=== INPUT FOR THIS TASK ===

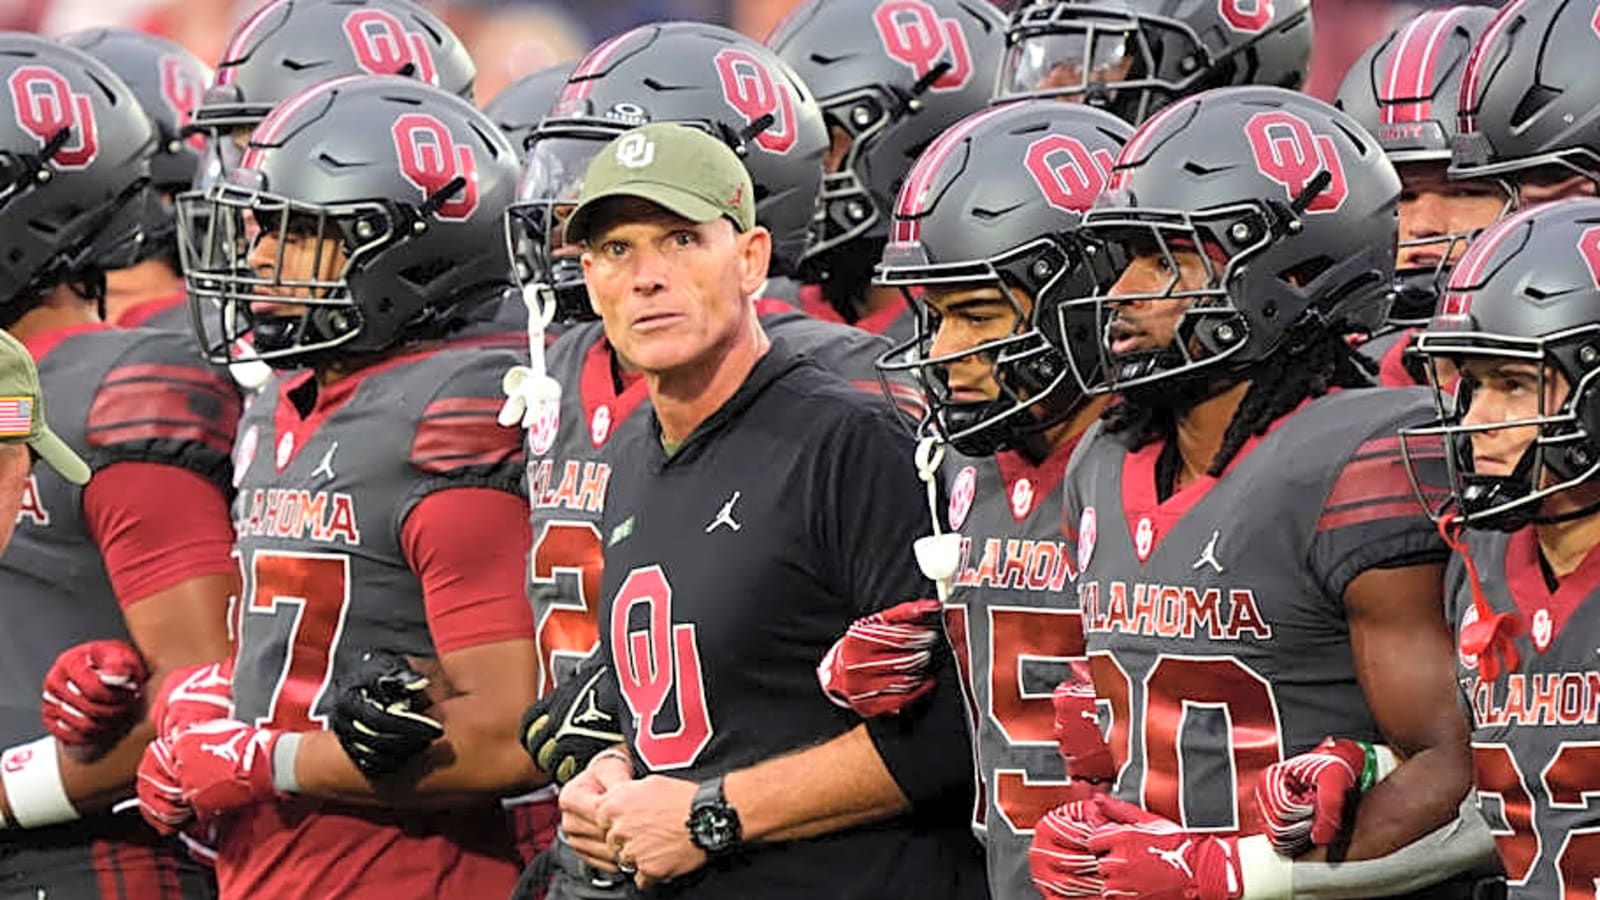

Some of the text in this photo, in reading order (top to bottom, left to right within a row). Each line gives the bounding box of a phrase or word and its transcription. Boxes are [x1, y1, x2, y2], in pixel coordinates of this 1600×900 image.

[870, 0, 975, 92] OU
[10, 66, 98, 171] OU
[616, 133, 656, 169] OU
[714, 48, 798, 155] OU
[391, 113, 479, 222] OU
[1245, 111, 1349, 214] OU
[227, 547, 350, 731] 7
[611, 564, 714, 772] OU
[943, 603, 1089, 835] 15

===

- _WHAT IS EXPECTED_:
Give the data again exactly as it stands, apart from the pictures.

- _RESULT OF THE EXERCISE_:
Some of the text in this photo, in reading order (top to bottom, left to right within a row). Each line gives the bounding box of a phrase or word and its transcription. Boxes are [x1, y1, x2, y2], in pixel coordinates of this 1600×900 image.

[870, 0, 975, 92] OU
[10, 66, 98, 171] OU
[616, 133, 656, 169] OU
[714, 48, 798, 155] OU
[391, 113, 479, 222] OU
[1245, 111, 1349, 214] OU
[227, 547, 350, 731] 7
[611, 564, 714, 772] OU
[943, 603, 1089, 835] 15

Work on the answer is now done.